More popular than ever, the work of Eric Ravilious (1903-42) is rooted in the landscape of pre-war and early wartime England. This new book by Alan Powers, the established authority on Ravilious, provides the most comprehensive overview to date of the artist's work in all media - watercolour, illustration, printmaking, graphic design, textiles and ceramics - and firmly positions Ravilious as a major figure in the history of early 20th-century British art.In an accessible and engaging text, copiously illustrated with reproductions of work drawn from a range of sources, Alan Powers discusses the part Ravilious' work played in creating an English style, positioned between tradition and modernism, and borrowing from naive and popular art of the past. The book analyses Ravilious' different spheres of activity in turn, covering his education and formative influences, his mural painting, his printmaking and illustration, his work as leader in forming a new style of watercolour painting between the wars and his final period as an official War Artist. In a career curtailed by an early death, Ravilious also played a significant role as a designer; Powers argues that Ravilious showed how decoration and historical reference could find a place in the reform of the applied arts whilst simultaneously renewing a sense of national identity.Eric Ravilious will be welcomed by all those with an interest in an artist whose imagination was backed by great skill and a sharp eye for the unusual.

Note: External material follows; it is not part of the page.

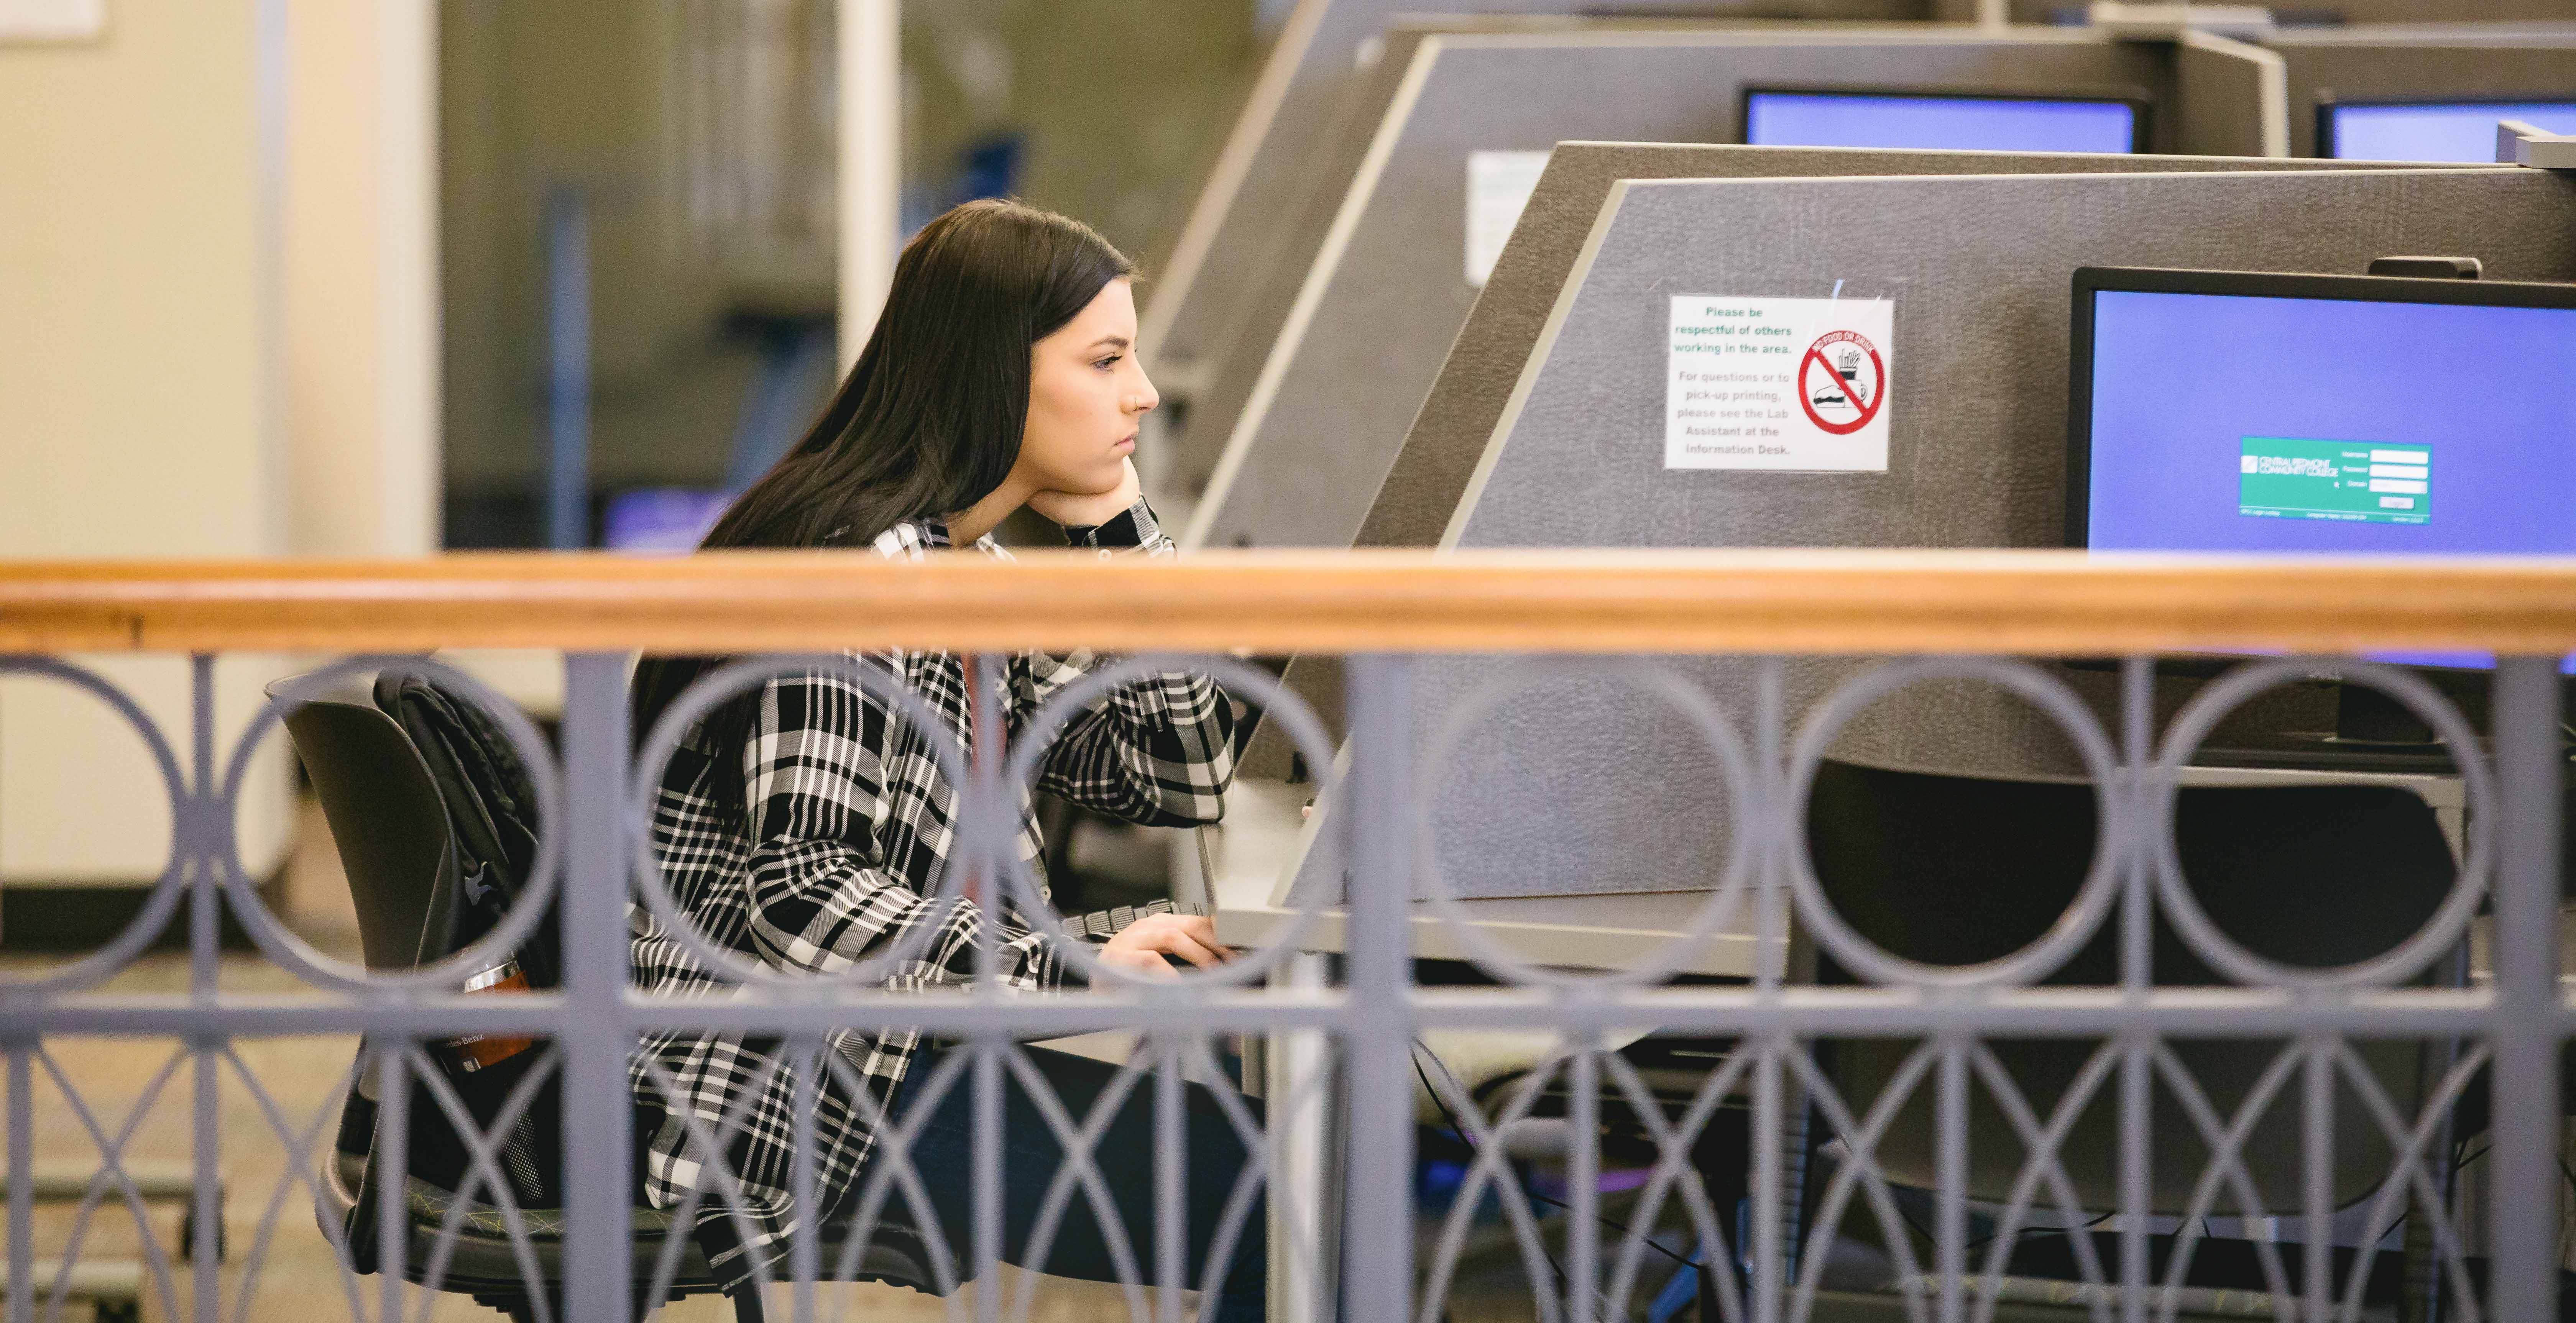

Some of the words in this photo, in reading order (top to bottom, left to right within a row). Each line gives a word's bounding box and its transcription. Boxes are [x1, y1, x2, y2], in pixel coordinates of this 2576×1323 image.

Alan Powers is a teacher, researcher and writer specialising in architecture and design.
Powers trained as an art historian at University of Cambridge, gaining an undergraduate degree and a PhD.
As a writer Powers has been prolific, writing reviews, magazine articles, obituaries of artists and architects as well as books. He has concentrated on 20th century British architecture and architectural conservation. He has also written books on the design of book jackets, shop fronts, book collectors, and the artist Eric Ravilious as well as monographs on Serge Chermayeff, and the British firms of Tayler and Green and of Aldington, Graig and Collinge.
Following my reading of Sybil & Cyril by Jenny Uglow and Romantic Moderns: English Writers, Artists and the Imagination from Virginia Woolf to John Piper by Alexandra Harris, this is a beautifully illustrated monograph of another English artist/illustrator of the inter-war years. The text is interesting, providing some historical and biographical background, but concentrating on the art, and it is the numerous illustrations that make this book worthwhile. Reading a whole book about Ravilious hasn’t been an artistic revelation, as I have already seen illustrations of what I still consider to be the most memorable and impactful works. However the author has done an excellent job of showing the different mediums in which Ravilious worked, woodcuts and watercolours are expected, but there are also murals (now mainly lost), designs for Wedgewood Potteries, fabric designs and even furniture.
For me, Ravilious’ most engaging picture is the watercolour Train Landscape from 1939, with the chalk Westbury Horse seen through a railway carriage window. It surprised me to realise that the picture only measures about 44cm x 55cm. However seeing illustrations of so much work by Ravilious, the consistent emotional detachment of the art became very evident as you are exposed to the repeated absence or simplification of human figures. But this detachment can also create a nostalgic, timeless quality, even when the landscape is anchored with contemporary (now historical) objects.
A 2013 Guardian review which I think captures something of what I feel: [Ravilious] remains the artist of the empty landscape and the uninhabited room, of a transient period in national life when the old and the new could still, just, be reconciled – even if he did have to create a parallel imaginative reality in which to do it.
As a student, I spent some time at Aberdeen University and was a frequent visitor to Aberdeen Art Gallery. One of my absolute favorurite paintings there was Eric Ravilious’ Train Landscape. And so it remains. However, now I have seen more of his painting and really appreciate his calm art. I enjoyed reading this book, not just admiring all the illustration. I now know much more about one of my favourite artists and will now start on Tirzah Garwood’s (his wife) autobiography!